Qué preguntar antes de elegir proveedor Para un director de operaciones o un CTO que esté evaluando proveedores de servicios externalizados para procesos críticos — gestión de siniestros, reclamaciones bancarias, concesión de crédito — hay una forma sencilla de distinguir quién tiene tecnología real y quién sigue vendiendo personas con otra etiqueta.

La primera pregunta es si el proveedor cobra por persona o por resultado. Si la respuesta es por persona, los incentivos siguen desalineados. La segunda es si puede escalar sin que el coste escale proporcionalmente. Si cada incremento de volumen requiere contratar a alguien más, no hay tecnología de fondo. La tercera es qué métricas de SLA garantiza sobre el resultado final, no sobre la actividad intermedia. Y la cuarta, a menudo olvidada, es si la tecnología es propia o depende de terceros que no controla. Cuando algo falla en un proceso crítico a las tres de la madrugada, la diferencia entre tecnología propia y un stack de terceros integrados se nota.

Los BPOs que no puedan responder con solidez a estas preguntas no van a desaparecer de un día para otro. Pero van a perder terreno frente a proveedores que combinan personas y tecnología para ofrecer el servicio con la economía del software.

Services as Software en la práctica El concepto de Services as Software no es una teoría. Es un modelo que ya funciona en procesos críticos de banca y seguros: procesamiento de siniestros, onboarding de clientes, concesión de crédito, gestión de reclamaciones. Procesos donde el volumen es alto, la precisión es innegociable y los tiempos de respuesta impactan directamente en la experiencia del cliente.

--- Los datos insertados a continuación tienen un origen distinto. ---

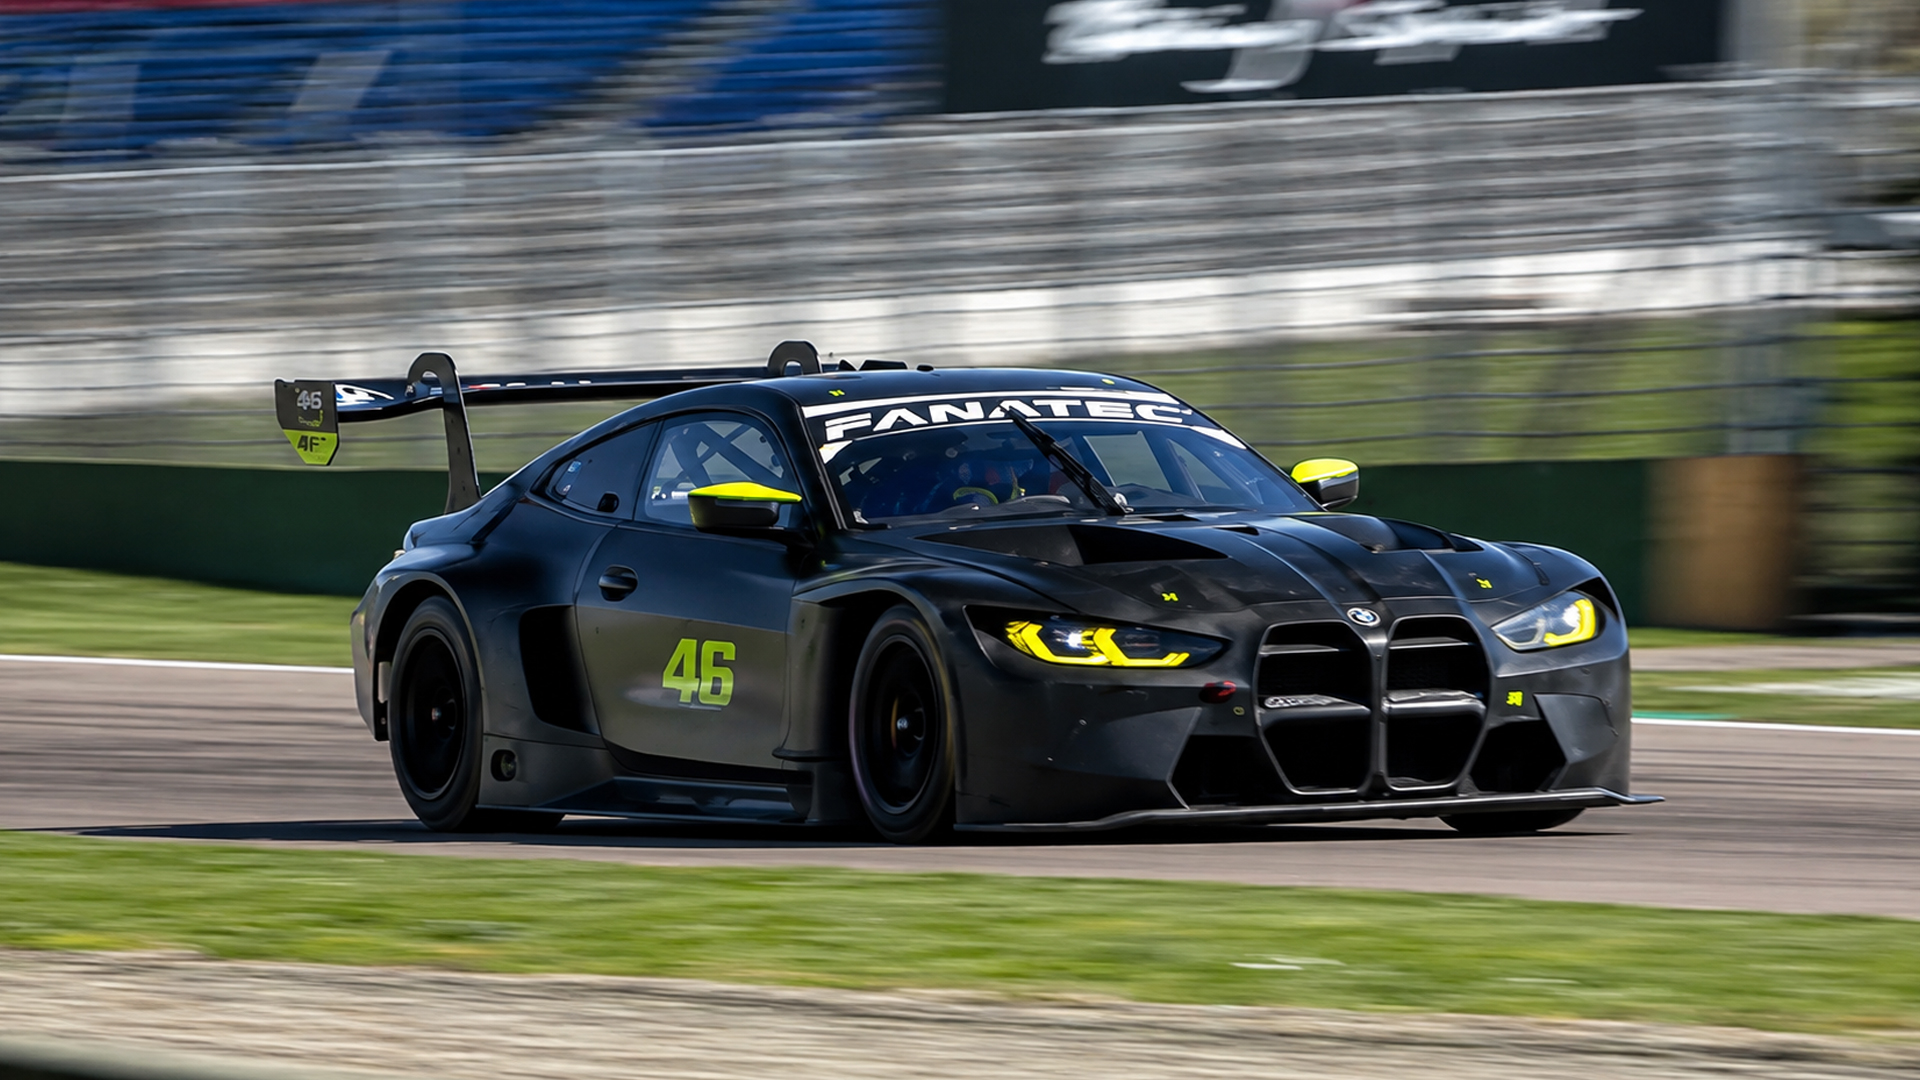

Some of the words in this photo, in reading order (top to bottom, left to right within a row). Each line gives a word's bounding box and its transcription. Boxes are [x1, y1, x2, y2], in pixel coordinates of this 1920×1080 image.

[297, 390, 322, 410] 46
[824, 400, 1191, 441] FANATEC
[662, 638, 735, 706] 46
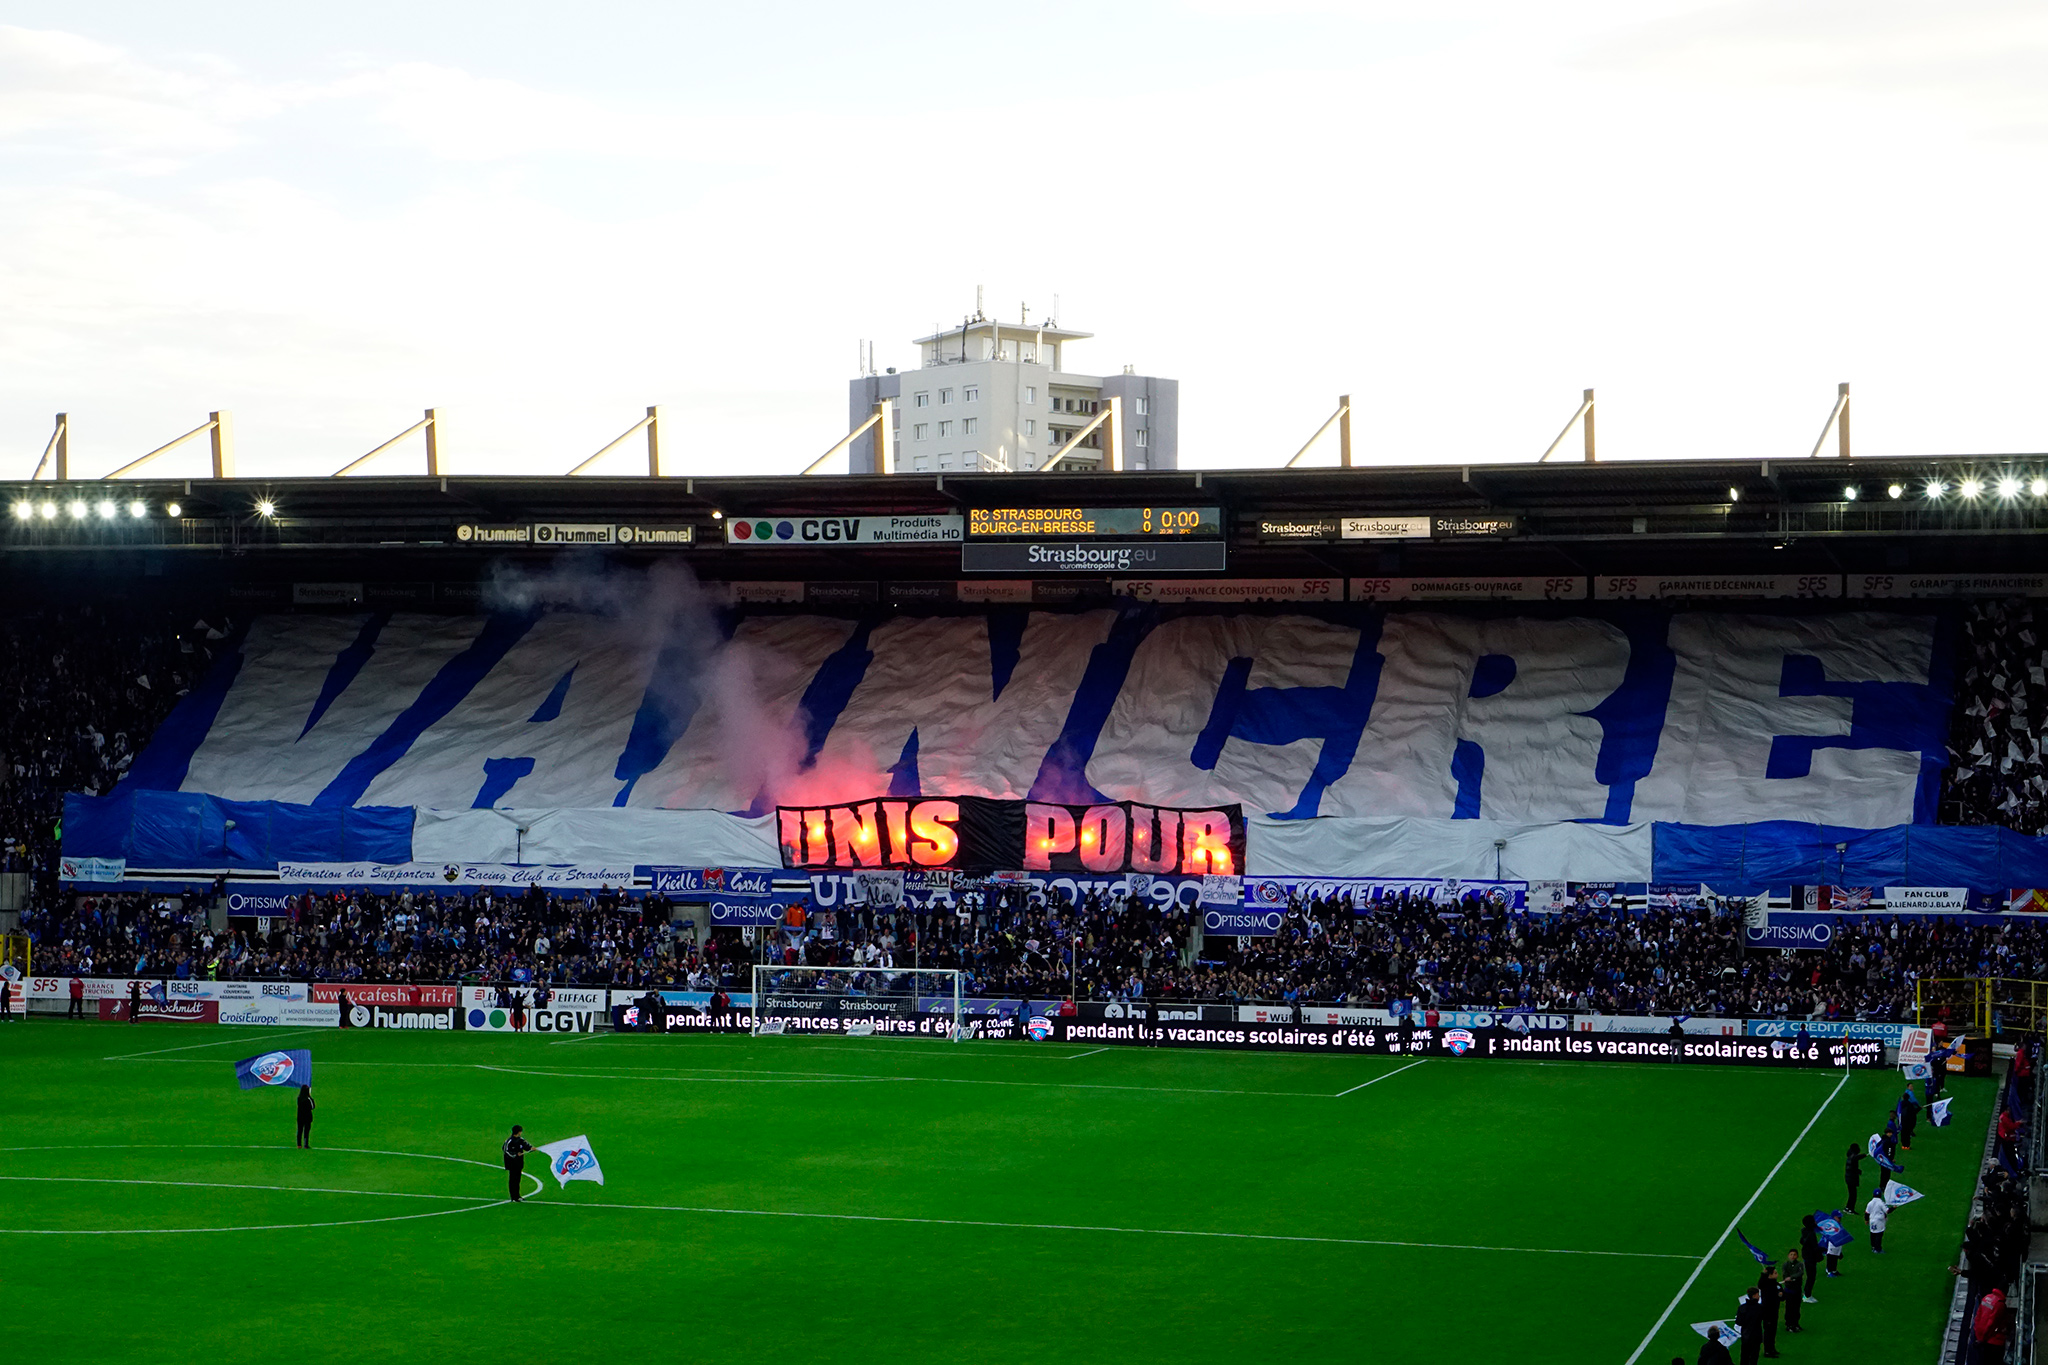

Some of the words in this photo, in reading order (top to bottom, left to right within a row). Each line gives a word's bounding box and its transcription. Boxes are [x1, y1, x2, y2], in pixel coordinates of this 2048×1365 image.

[971, 509, 989, 521] RC
[993, 509, 1082, 521] STRASBOURG
[1143, 507, 1152, 519] 0
[1161, 510, 1200, 528] 0:00
[891, 518, 941, 528] Produits
[970, 521, 1096, 534] BOURG-EN-BRESSE
[1143, 520, 1152, 533] 0
[474, 525, 531, 541] hummel
[555, 526, 610, 542] hummel
[634, 526, 692, 542] hummel
[801, 519, 860, 541] CGV
[873, 529, 938, 541] Multimédia
[942, 529, 960, 539] HD
[1060, 561, 1115, 571] eurométropole
[1126, 582, 1152, 595] SFS
[1159, 586, 1217, 596] ASSURANCE
[1219, 586, 1295, 595] CONSTRUCTION
[1302, 580, 1330, 594] SFS
[1363, 580, 1391, 593] SFS
[1545, 579, 1573, 592] SFS
[1609, 578, 1637, 592] SFS
[1659, 581, 1711, 590] GARANTIE
[1714, 579, 1775, 590] DÉCENNALE
[1798, 577, 1827, 591] SFS
[1863, 576, 1893, 590] SFS
[779, 800, 960, 868] UNIS
[1023, 802, 1233, 876] POUR
[280, 865, 342, 880] Fédération
[346, 867, 364, 879] des
[370, 866, 436, 884] Supporters
[465, 867, 506, 884] Racing
[512, 866, 543, 883] Club
[547, 871, 561, 882] de
[565, 867, 632, 884] Strasbourg
[656, 871, 698, 891] Vieille
[730, 873, 767, 892] Garde
[1296, 881, 1336, 904] KOP
[711, 901, 784, 920] OPTISSIMO
[259, 917, 269, 927] 17
[1204, 910, 1283, 931] OPTISSIMO
[743, 926, 754, 936] 18
[32, 979, 58, 992] SFS
[171, 982, 199, 993] BEYER
[262, 984, 290, 995] BEYER
[558, 993, 598, 1003] EIFFAGE
[219, 1012, 278, 1025] CroisiEurope
[374, 1005, 454, 1030] hummel
[535, 1011, 593, 1032] CGV
[1341, 1015, 1382, 1026] WÜRTH
[987, 1028, 1005, 1039] PRO
[1066, 1022, 1135, 1041] pendant
[1167, 1028, 1245, 1043] vacances
[1249, 1028, 1327, 1045] scolaires
[1331, 1029, 1376, 1047] d'été
[1842, 1022, 1902, 1034] AGRICOL
[1566, 1036, 1593, 1053] les
[1684, 1041, 1768, 1059] scolaires
[1829, 1045, 1844, 1055] VIS
[1848, 1043, 1881, 1054] COMME
[1833, 1056, 1846, 1066] UN
[1849, 1055, 1870, 1065] PRO

En Serimag llevamos años construyendo este modelo. Tecnología propia de extracción y procesamiento documental, equipos especializados que aportan criterio donde la tecnología no llega (humans in the loop), y un compromiso con métricas de resultado, no con conteos de personas. Porque al final, lo que importa no es cuántas personas trabajan en tu proceso. Lo que importa es que el proceso garantiza resultados.